WHAT YOU WILL DO: A faithful copy of every entry, with the pictures removed, is what is needed here.

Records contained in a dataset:

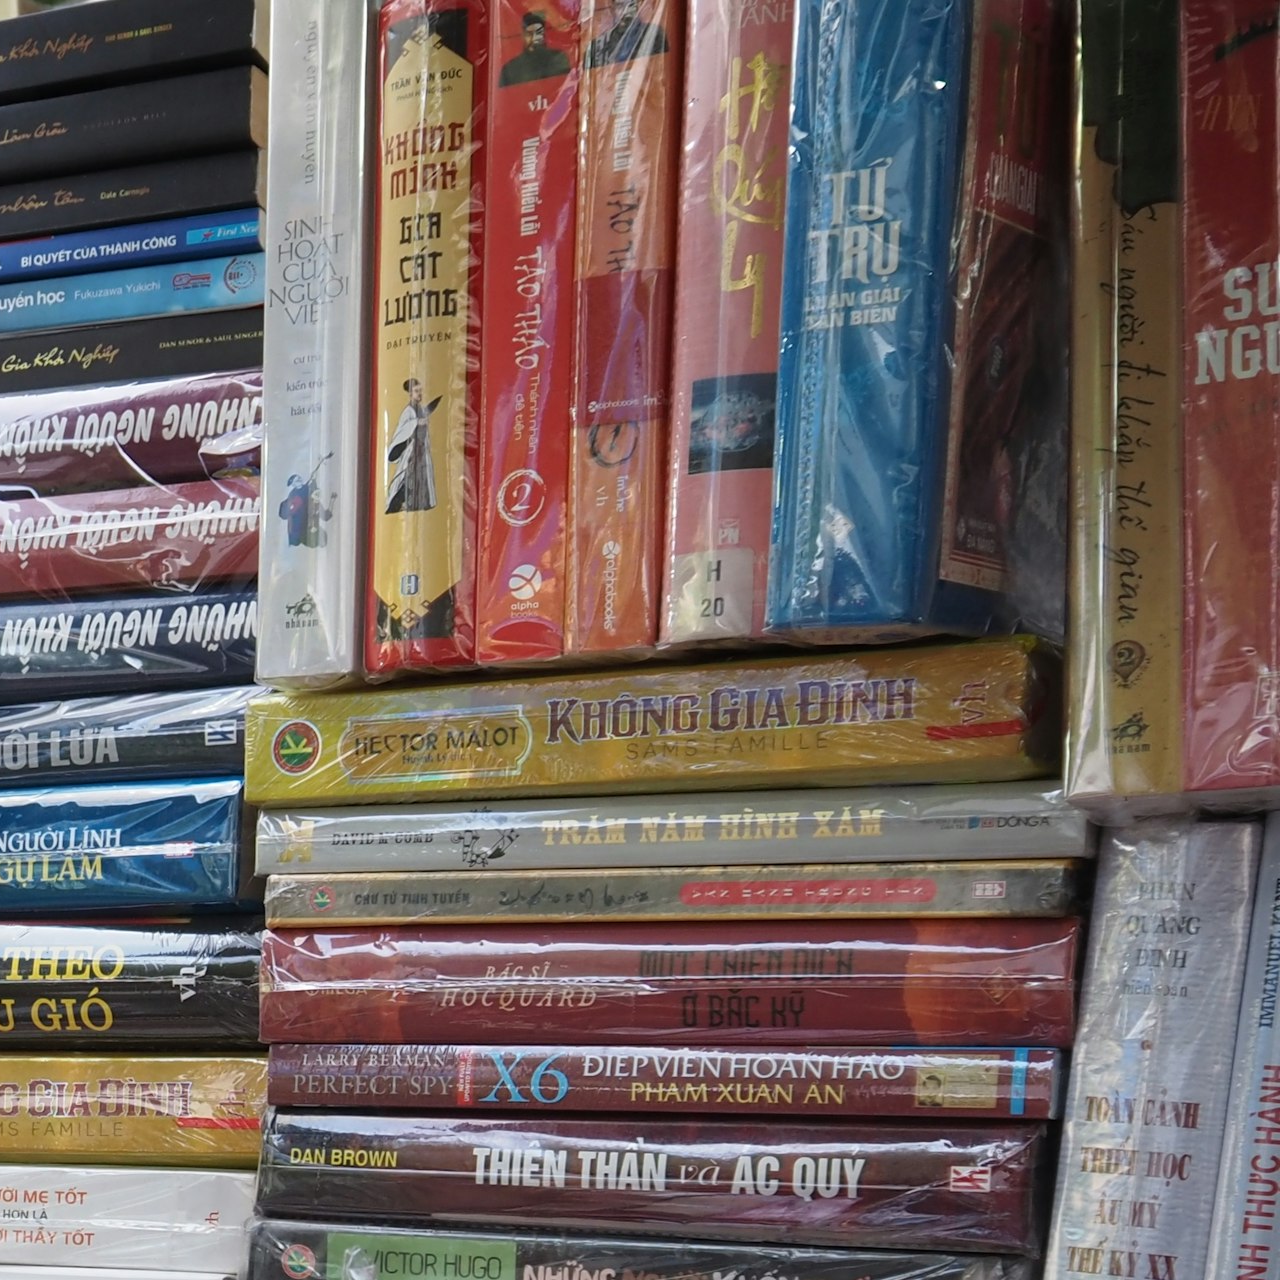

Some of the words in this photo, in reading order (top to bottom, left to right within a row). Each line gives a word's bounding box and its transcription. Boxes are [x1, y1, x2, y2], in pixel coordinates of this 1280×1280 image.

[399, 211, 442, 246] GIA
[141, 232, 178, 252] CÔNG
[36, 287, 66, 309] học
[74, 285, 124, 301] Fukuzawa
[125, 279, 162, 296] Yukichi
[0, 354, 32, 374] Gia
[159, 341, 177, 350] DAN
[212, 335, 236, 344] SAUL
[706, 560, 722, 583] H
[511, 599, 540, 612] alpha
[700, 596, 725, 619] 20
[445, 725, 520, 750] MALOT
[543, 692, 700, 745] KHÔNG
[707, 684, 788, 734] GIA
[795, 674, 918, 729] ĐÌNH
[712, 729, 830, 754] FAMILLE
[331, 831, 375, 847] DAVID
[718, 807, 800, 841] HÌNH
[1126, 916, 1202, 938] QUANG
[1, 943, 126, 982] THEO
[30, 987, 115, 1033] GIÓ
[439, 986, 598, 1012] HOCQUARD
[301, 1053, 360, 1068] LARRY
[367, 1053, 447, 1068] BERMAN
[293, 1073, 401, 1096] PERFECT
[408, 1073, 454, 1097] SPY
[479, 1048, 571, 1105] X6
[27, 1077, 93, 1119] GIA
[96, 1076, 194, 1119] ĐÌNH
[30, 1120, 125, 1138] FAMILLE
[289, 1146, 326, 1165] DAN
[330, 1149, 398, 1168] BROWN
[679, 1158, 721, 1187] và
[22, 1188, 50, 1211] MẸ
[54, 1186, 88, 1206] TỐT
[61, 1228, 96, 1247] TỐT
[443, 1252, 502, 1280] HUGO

SOLUTION:
Some of the words in this photo, in reading order (top to bottom, left to right within a row). Each line gives a word's bounding box and its transcription. Boxes are [x1, y1, x2, y2], in pixel coordinates of this 1280×1280 image.

[399, 211, 442, 246] GIA
[141, 232, 178, 252] CÔNG
[36, 287, 66, 309] học
[74, 285, 124, 301] Fukuzawa
[125, 279, 162, 296] Yukichi
[0, 354, 32, 374] Gia
[159, 341, 177, 350] DAN
[212, 335, 236, 344] SAUL
[706, 560, 722, 583] H
[511, 599, 540, 612] alpha
[700, 596, 725, 619] 20
[445, 725, 520, 750] MALOT
[543, 692, 700, 745] KHÔNG
[707, 684, 788, 734] GIA
[795, 674, 918, 729] ĐÌNH
[712, 729, 830, 754] FAMILLE
[331, 831, 375, 847] DAVID
[718, 807, 800, 841] HÌNH
[1126, 916, 1202, 938] QUANG
[1, 943, 126, 982] THEO
[30, 987, 115, 1033] GIÓ
[439, 986, 598, 1012] HOCQUARD
[301, 1053, 360, 1068] LARRY
[367, 1053, 447, 1068] BERMAN
[293, 1073, 401, 1096] PERFECT
[408, 1073, 454, 1097] SPY
[479, 1048, 571, 1105] X6
[27, 1077, 93, 1119] GIA
[96, 1076, 194, 1119] ĐÌNH
[30, 1120, 125, 1138] FAMILLE
[289, 1146, 326, 1165] DAN
[330, 1149, 398, 1168] BROWN
[679, 1158, 721, 1187] và
[22, 1188, 50, 1211] MẸ
[54, 1186, 88, 1206] TỐT
[61, 1228, 96, 1247] TỐT
[443, 1252, 502, 1280] HUGO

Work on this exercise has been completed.